Work to complete:
Could you transcribe every record below exactly as written, leaving out any pictures?
————————
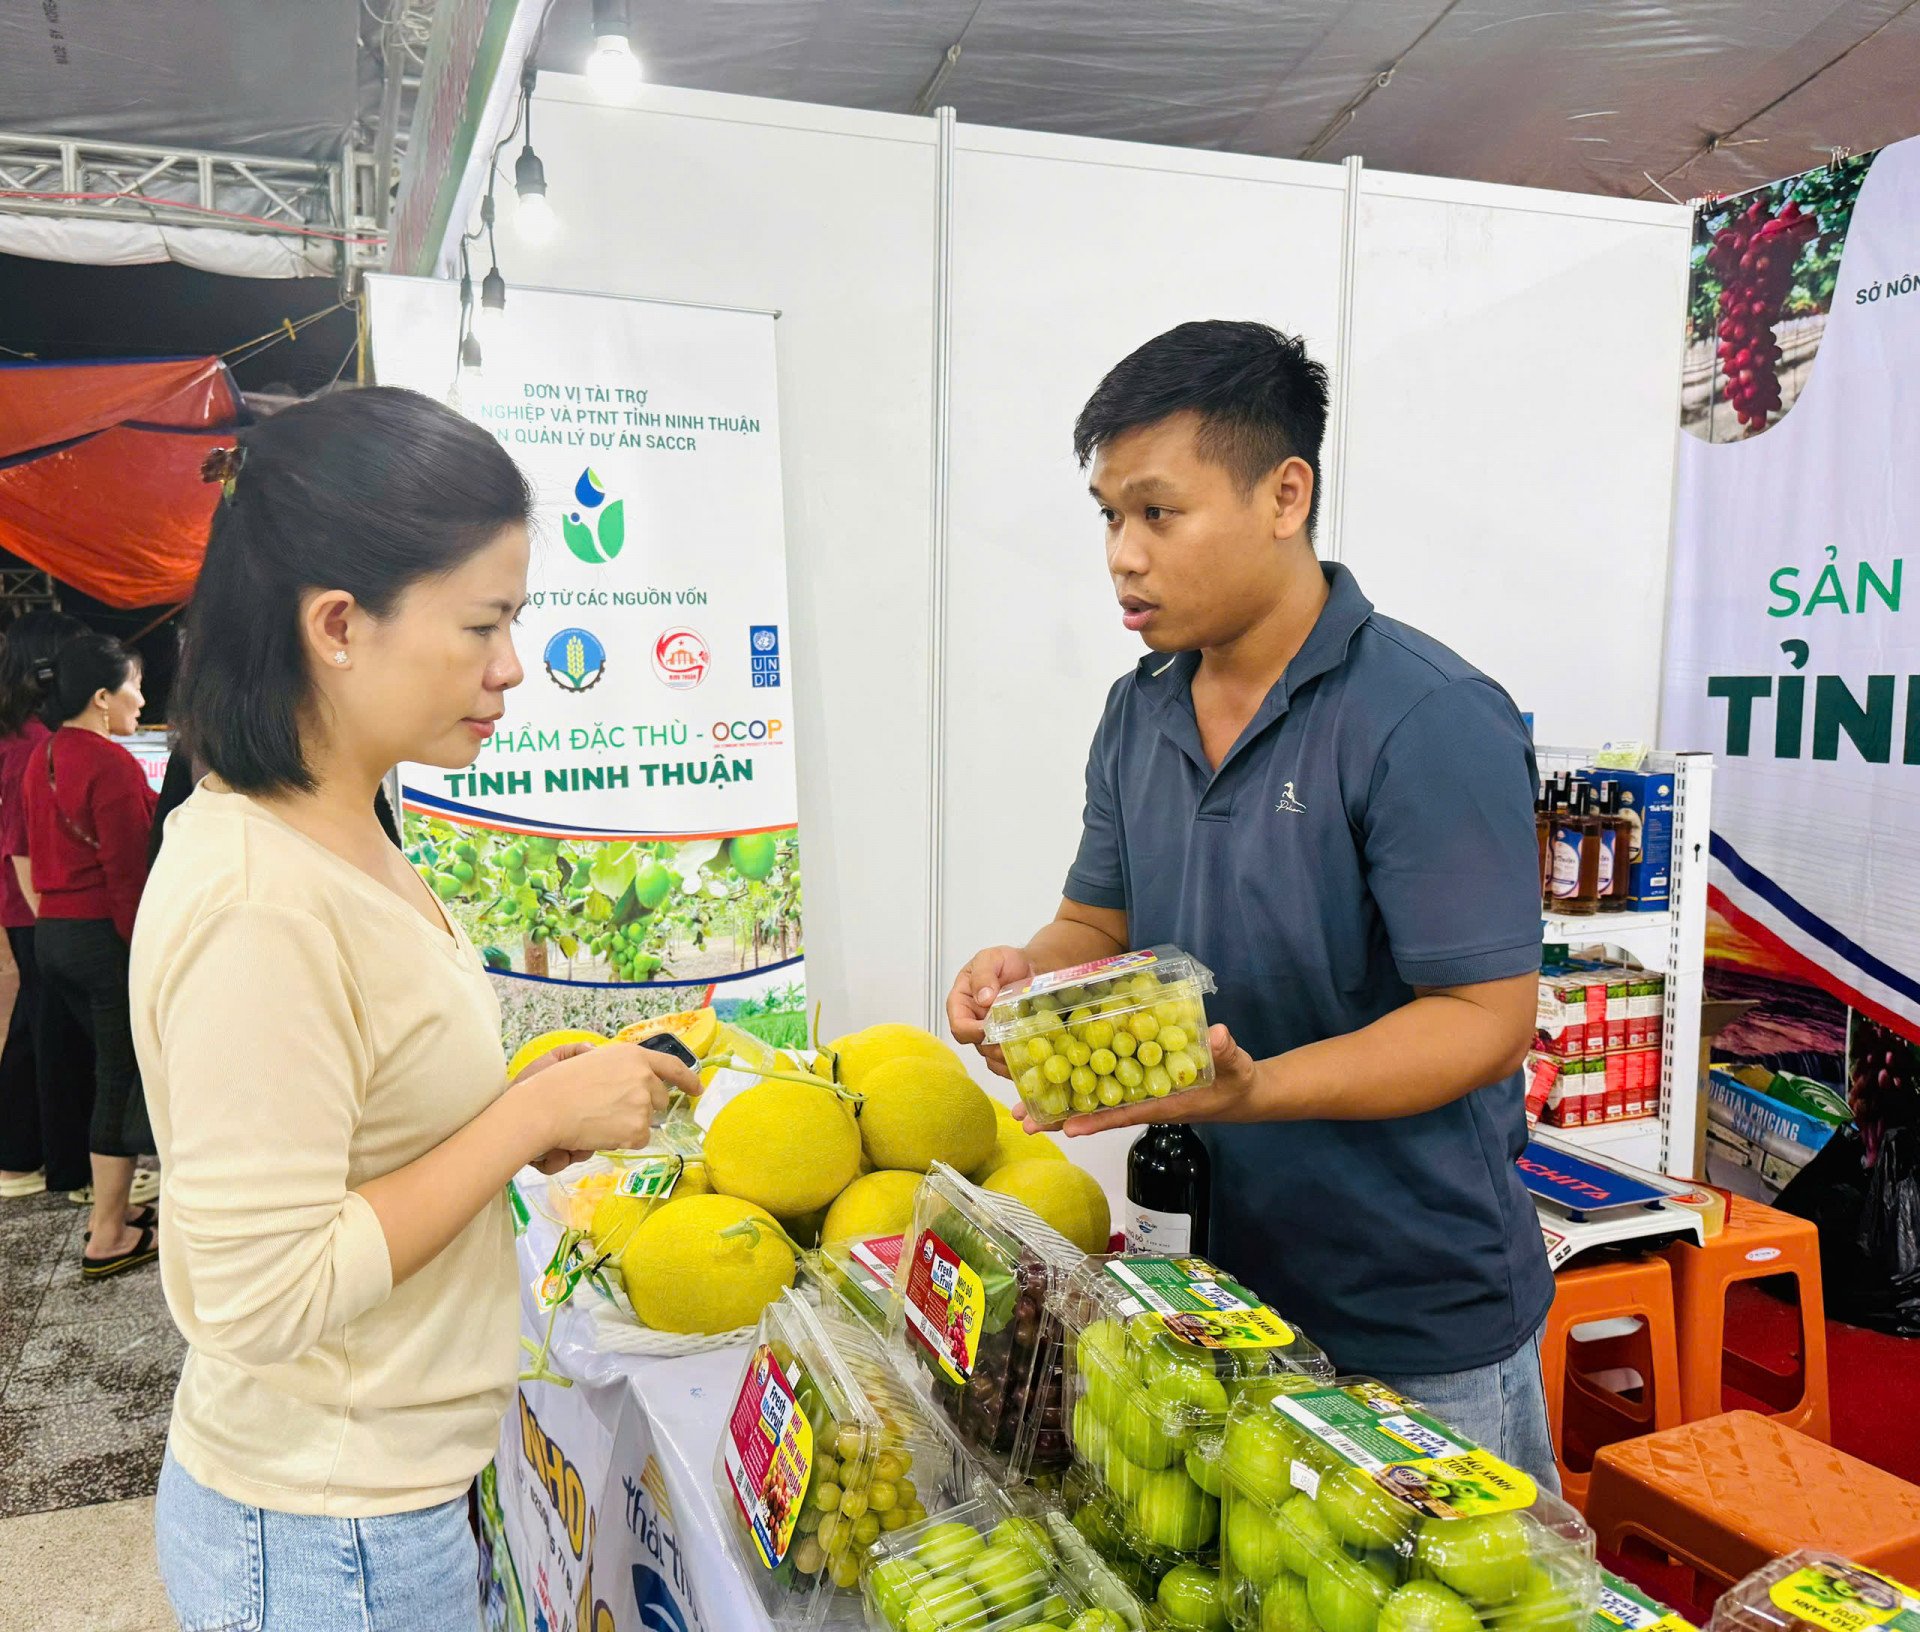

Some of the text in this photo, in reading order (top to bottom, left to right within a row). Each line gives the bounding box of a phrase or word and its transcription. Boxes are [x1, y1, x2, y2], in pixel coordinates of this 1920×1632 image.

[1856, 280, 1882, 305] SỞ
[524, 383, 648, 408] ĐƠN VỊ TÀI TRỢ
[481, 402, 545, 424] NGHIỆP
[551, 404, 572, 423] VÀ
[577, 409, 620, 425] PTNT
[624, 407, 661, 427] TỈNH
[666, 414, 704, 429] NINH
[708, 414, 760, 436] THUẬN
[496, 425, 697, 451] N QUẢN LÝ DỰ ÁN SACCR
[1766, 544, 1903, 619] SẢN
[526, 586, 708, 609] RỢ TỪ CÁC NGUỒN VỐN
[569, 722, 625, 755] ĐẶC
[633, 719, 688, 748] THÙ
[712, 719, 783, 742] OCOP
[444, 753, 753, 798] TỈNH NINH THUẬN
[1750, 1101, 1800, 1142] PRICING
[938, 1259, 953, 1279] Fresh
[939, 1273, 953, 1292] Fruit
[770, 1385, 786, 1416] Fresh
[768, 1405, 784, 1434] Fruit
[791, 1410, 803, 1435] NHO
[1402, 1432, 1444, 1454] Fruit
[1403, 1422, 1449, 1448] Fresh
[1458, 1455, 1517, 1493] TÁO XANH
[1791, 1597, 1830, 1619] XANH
————————
The completed task:
Some of the text in this photo, in reading order (top to bottom, left to right within a row). Each line gives the bounding box of a phrase or word and its transcription. Boxes are [x1, y1, x2, y2], in pixel coordinates of this 1920×1632 image.

[1856, 280, 1882, 305] SỞ
[524, 383, 648, 408] ĐƠN VỊ TÀI TRỢ
[481, 402, 545, 424] NGHIỆP
[551, 404, 572, 423] VÀ
[577, 409, 620, 425] PTNT
[624, 407, 661, 427] TỈNH
[666, 414, 704, 429] NINH
[708, 414, 760, 436] THUẬN
[496, 425, 697, 451] N QUẢN LÝ DỰ ÁN SACCR
[1766, 544, 1903, 619] SẢN
[526, 586, 708, 609] RỢ TỪ CÁC NGUỒN VỐN
[569, 722, 625, 755] ĐẶC
[633, 719, 688, 748] THÙ
[712, 719, 783, 742] OCOP
[444, 753, 753, 798] TỈNH NINH THUẬN
[1750, 1101, 1800, 1142] PRICING
[938, 1259, 953, 1279] Fresh
[939, 1273, 953, 1292] Fruit
[770, 1385, 786, 1416] Fresh
[768, 1405, 784, 1434] Fruit
[791, 1410, 803, 1435] NHO
[1402, 1432, 1444, 1454] Fruit
[1403, 1422, 1449, 1448] Fresh
[1458, 1455, 1517, 1493] TÁO XANH
[1791, 1597, 1830, 1619] XANH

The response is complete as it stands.